_Problem to solve_:
Print the entries verbatim, leaving out the images they contain.

_Recorded data_:
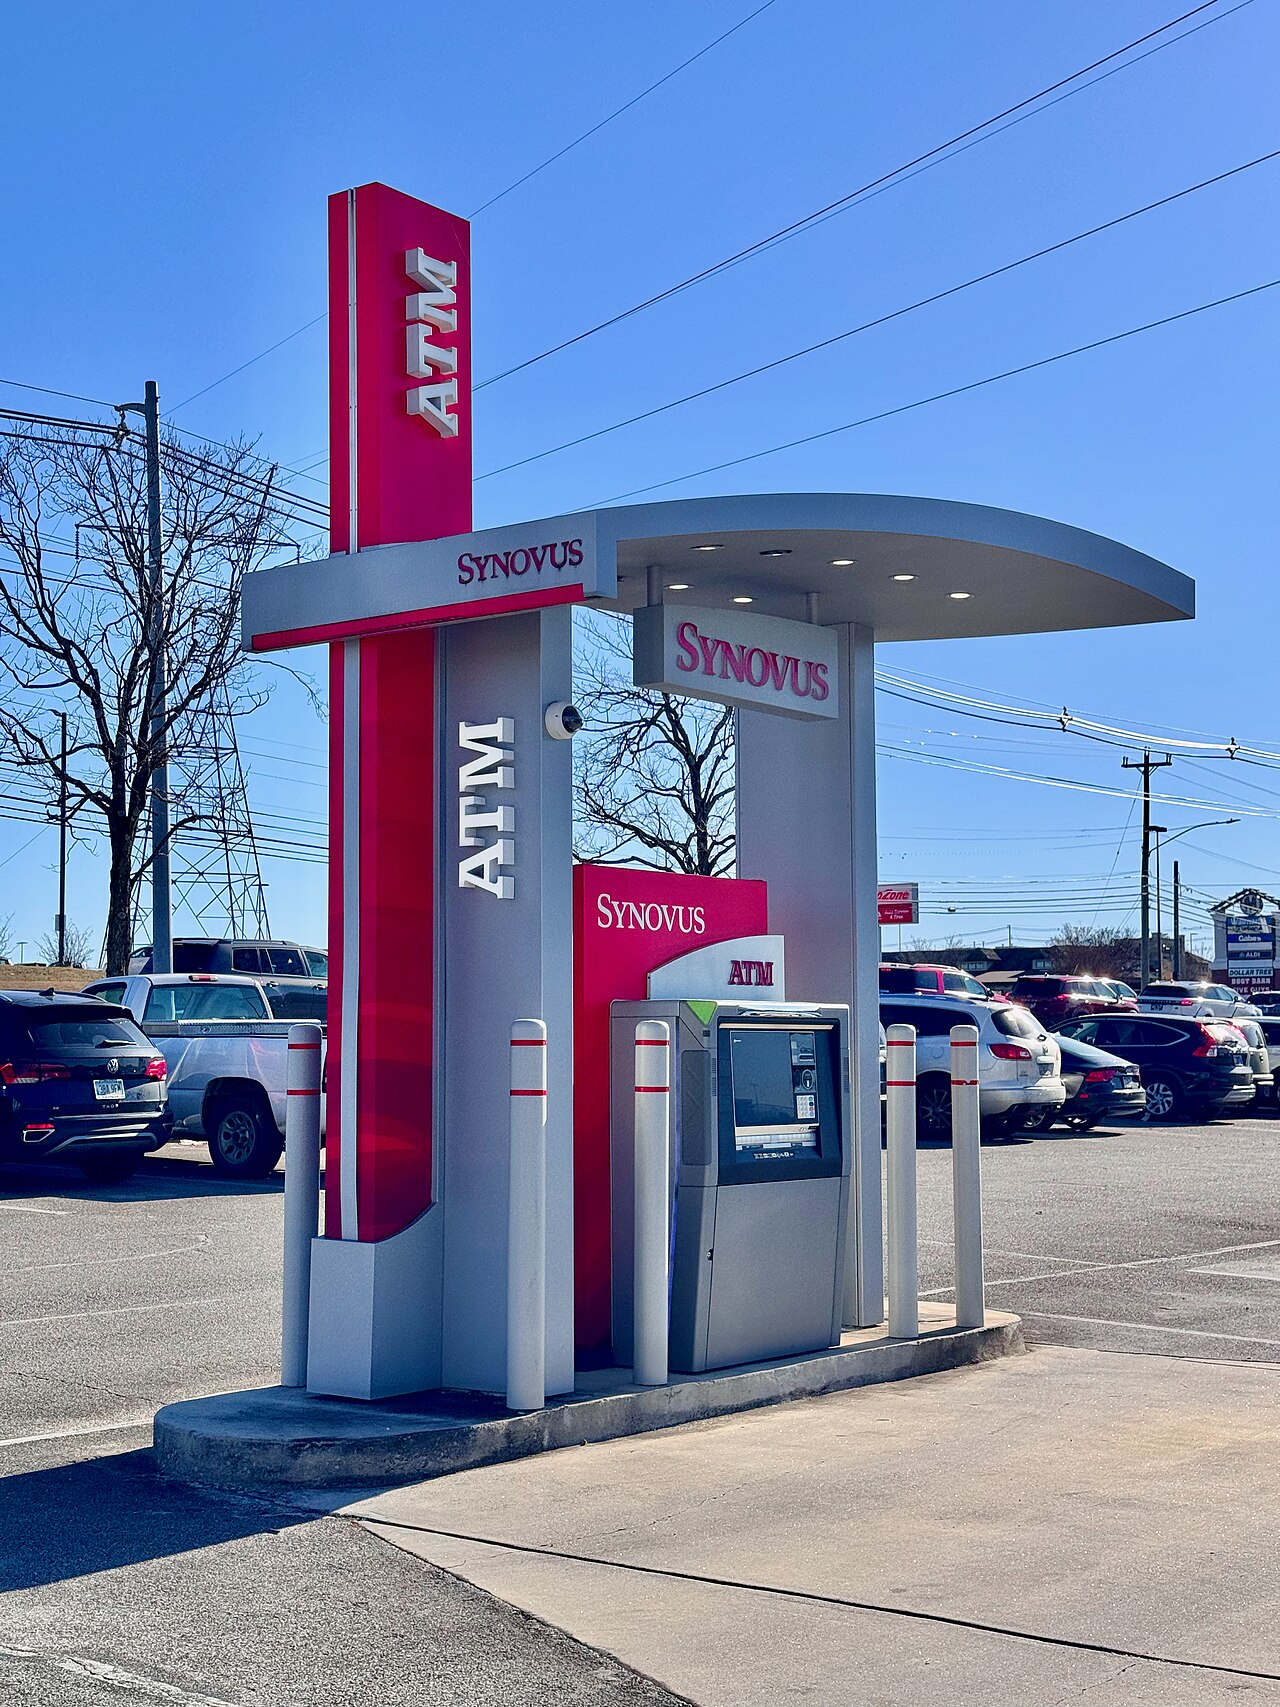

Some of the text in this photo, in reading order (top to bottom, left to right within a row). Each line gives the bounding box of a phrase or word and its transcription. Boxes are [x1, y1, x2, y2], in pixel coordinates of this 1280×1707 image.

[405, 246, 458, 439] ATM
[457, 538, 584, 585] SYNOVUS
[676, 621, 830, 701] SYNOVUS
[458, 717, 515, 900] ATM
[596, 893, 706, 934] SYNOVUS
[727, 959, 774, 987] ATM
[1231, 977, 1271, 985] BOOT BARN
[1255, 968, 1272, 976] TREE

_Solution to this task_:
Some of the text in this photo, in reading order (top to bottom, left to right within a row). Each line gives the bounding box of a phrase or word and its transcription. Boxes are [x1, y1, x2, y2], in pixel coordinates of this 1280×1707 image.

[405, 246, 458, 439] ATM
[457, 538, 584, 585] SYNOVUS
[676, 621, 830, 701] SYNOVUS
[458, 717, 515, 900] ATM
[596, 893, 706, 934] SYNOVUS
[727, 959, 774, 987] ATM
[1231, 977, 1271, 985] BOOT BARN
[1255, 968, 1272, 976] TREE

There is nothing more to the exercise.